Nicholas A. Giudice, III. Ph.D.

Dr. Nicholas Giudice received his Ph.D. in the Cognitive and Brain Sciences program in the Department of Psychology from the University of Minnesota in 2004 and worked as a postdoctoral research fellow in the Psychological and Brain Sciences program in the Psychology Department at the University of California, Santa Barbara from 2005-2008. He joined the University of Maine in Fall of 2008 and is currently a Professor of Spatial Computing in the School of Computing and Information Science, with a joint appointment in the Department of Psychology. He is the founder and Chief Research Scientist of the Virtual Environments and Multimodal Interaction (VEMI) Laboratory (https://umaine.edu/vemi/). VEMI houses a large research facility combining a fully immersive virtual reality (VR) installation and a fully autonomous vehicle simulator in an integrated research and development student-driven environment. Giudice’s Research uses a combination of behavioral experiments and usability studies to investigate human spatial cognition with and without vision, to determine the optimal information requirements for the design of multimodal interfaces, and as a testbed for evaluation and usability research for information access technologies supporting navigation and autonomous transportation for blind and low-vision users, older adults experiencing vision loss, and sighted individuals who are ‘situationally blind’ (e.g., texting while walking).
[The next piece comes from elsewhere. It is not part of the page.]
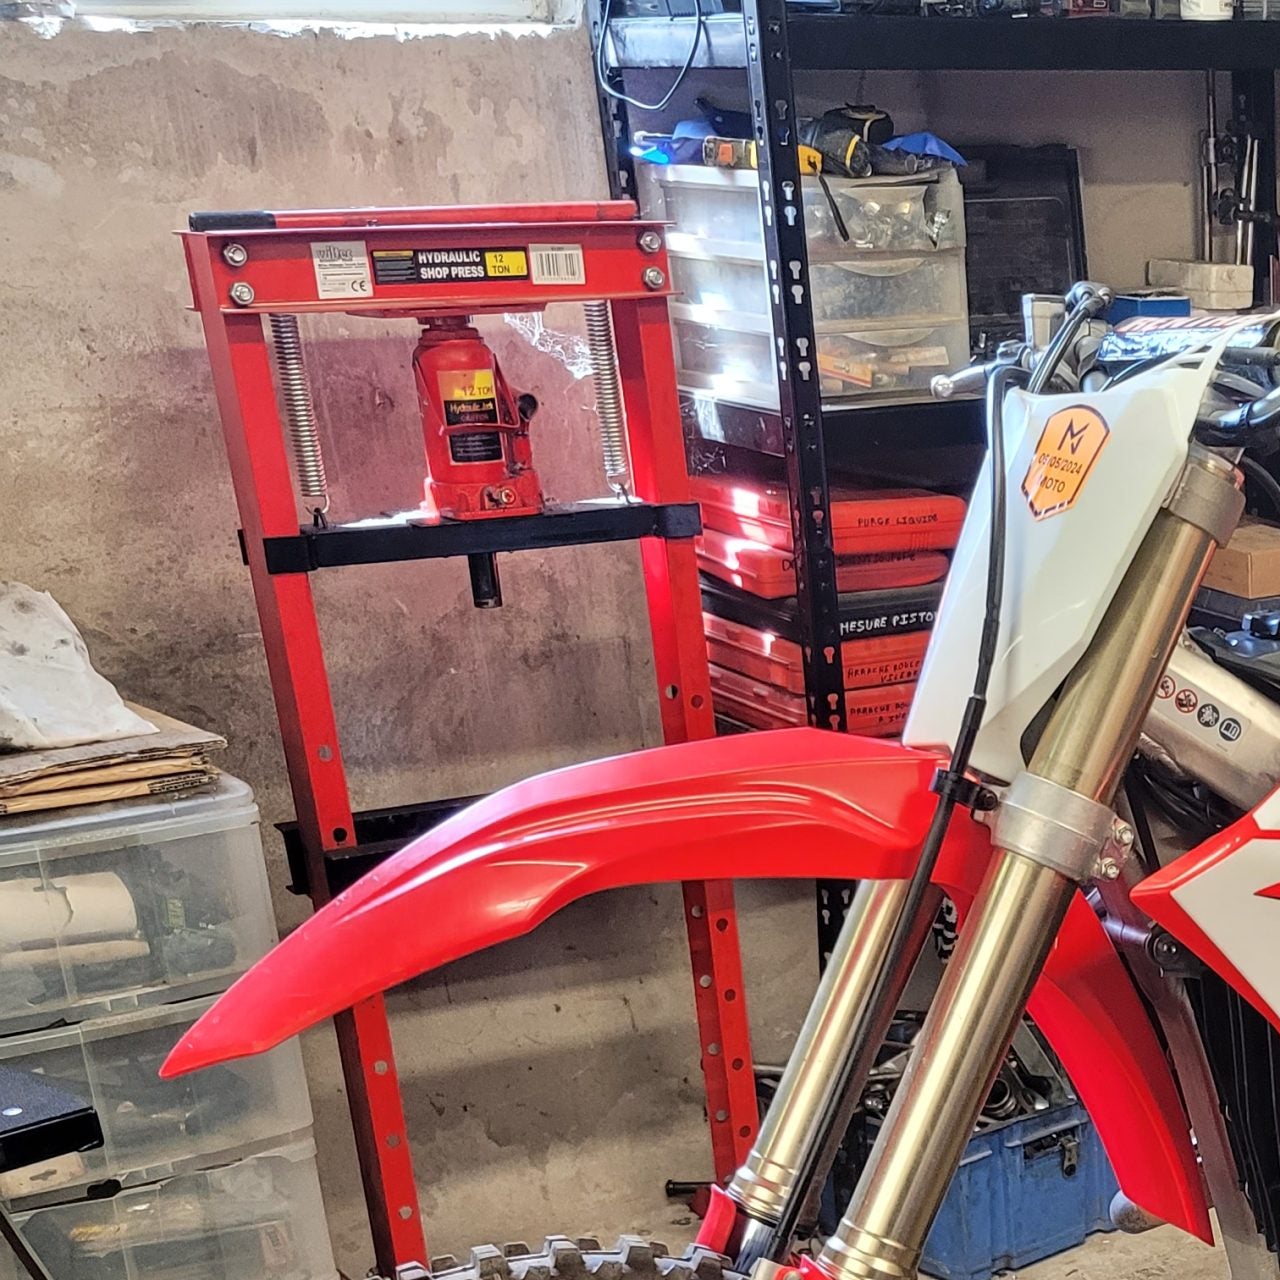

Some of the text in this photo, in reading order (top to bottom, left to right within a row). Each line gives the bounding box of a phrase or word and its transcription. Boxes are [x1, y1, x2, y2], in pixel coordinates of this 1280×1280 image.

Dr. Giudice is himself congenitally blind and has a long history of both designing and using assistive technology for navigation. He has authored or co-authored over 150 scientific publications relating to the study and design of multimodal information access technology for blind and visually impaired people, collaborated on over $15 million in research grants in this field from NIH, NSF, and NIDILRR, and has advised over 100 students. Dr. Giudice has also been on the program committees (often as Chair / co-chair) of dozens of scientific conferences / workshops, is on the scientific advisory boards of two information-access companies (Aira Corp and Click and Go Wayfinding maps LLC), is a current board member on two blindness-related organizations (American Council of the Blind (ACB) of Maine and the Iris Network), and is the founder/co-founder of two start-up companies dealing with information-access technologies (Unizign Research, LLC and Unar Labs, LLC).